This is kirchoff's first law where current is conserved

The total current entering a point must be equal to the total current leaving at the same point

This Law uses the law of conservation of charge

So actually current splits when it passes through a junction. The less resistance path way has the greatest current

Kirchoff's 2nd Law

This is kirchoff's second law where the total emf in a loop is equal to the total PD of the same loop

The Sum of the EMF in a loop must be equal to the Sum of potential differences across the same loop.

So this follows the law of conservation of energy as the energy gained must be equal to the energy lost

The direction of the Emf of the battery does matter.

If 2 or more batteries are in a loop, we need to find the sum of the Emfs (taking the sign into account)

Actually that missing P.d is occupied by the lower Emf battery and it charges the lower Emf battery. So the resultant Emf is the Emf to be occupied by the external circuits

Now by applying the 2nd law we know that the P.d sum must equal to the Sum of the emfs

V = IR

We need to find the current which passes through a particular resistance. This is done by using Kirchoff's first law.

After finding the P.D occupied by the total resistance across a single loop, this must equal to the sum of emfs

For a simple circuit which is in series, we know that current remains constant!

EMF = IR1 + IR2

However, when there are many loops we get different currents

How to find power

Power is always calculated the same way. If we need to find the power released by the circuit, we use I2R

If we want to calculate the power of the battery, we use the EMF of that particular battery * the current it passes through

Power = VI

Why don't we use the net Emf? This is because, we find this net Emf to find the Emf across the external circuit only, Not including the batteries.

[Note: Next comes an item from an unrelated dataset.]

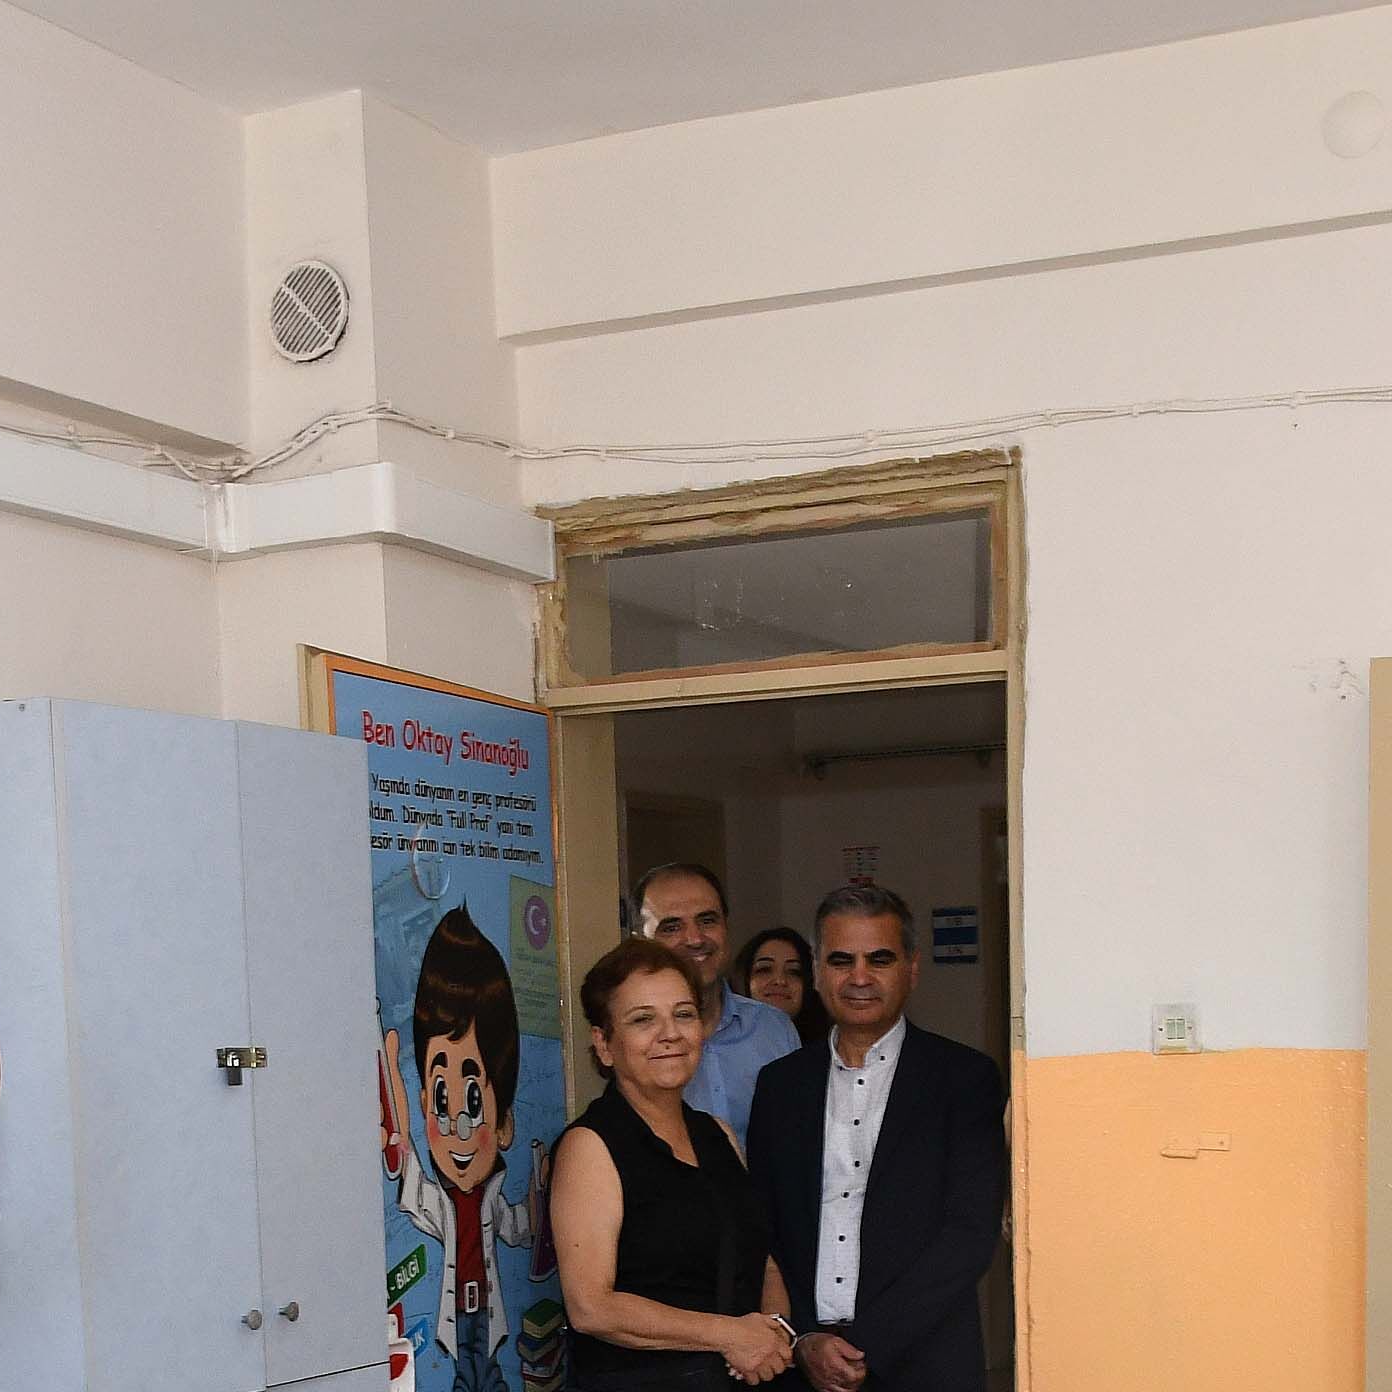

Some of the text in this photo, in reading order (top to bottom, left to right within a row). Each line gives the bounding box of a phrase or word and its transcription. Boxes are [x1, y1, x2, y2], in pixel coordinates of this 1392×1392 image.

Actually the larger battery supplies it full power. However, the Emf of the second battery, which is lower than the 1st becomes a potential difference as part of the bigger Emf. In other words, the larger Emf is used to charge the smaller battery!

If both Batteries are in the same direction they provide a greater Emf and there is no charging happening

A 9702 Physics Past paper worked example question for kirchoff's law

Resistance Derivation

  • Resistance in series
  • RTotal = R1 + R2

    This derivation uses Kirchoff's 2nd law as the voltage is divided in a series circuit

    IRTotal = IR1 + IR2

    As current is constant, we can cancel it

    RTotal = R1 + R2

  • Resistance in parallel
  • 1/RTotal = 1/R1 + 1/R2

    This uses the Kirchoff's first law

    So in this, current splits in parallel but, voltage is constant

    ITotal = I1 + I2

    V/RTotal = V/R1 + V/R2

    So we cancel out the voltage

    1/RTotal = 1/R1 + 1/R2

    Both derivation uses the conservation of charge

    This is because, in the first derivation, current remains constant and in the second derivation, current splits but the total remains constant

    Internal Resistance

    Usually a cell has its own resistance and thus occupies some of the EMF provided by the cell

    EMF = Lost Voltage + Terminal Voltage

    The Terminal Voltage is the voltage in the external circuit. So when the internal resistance is greater. The greater the Lost Volts or Voltage occupied by the internal resistance.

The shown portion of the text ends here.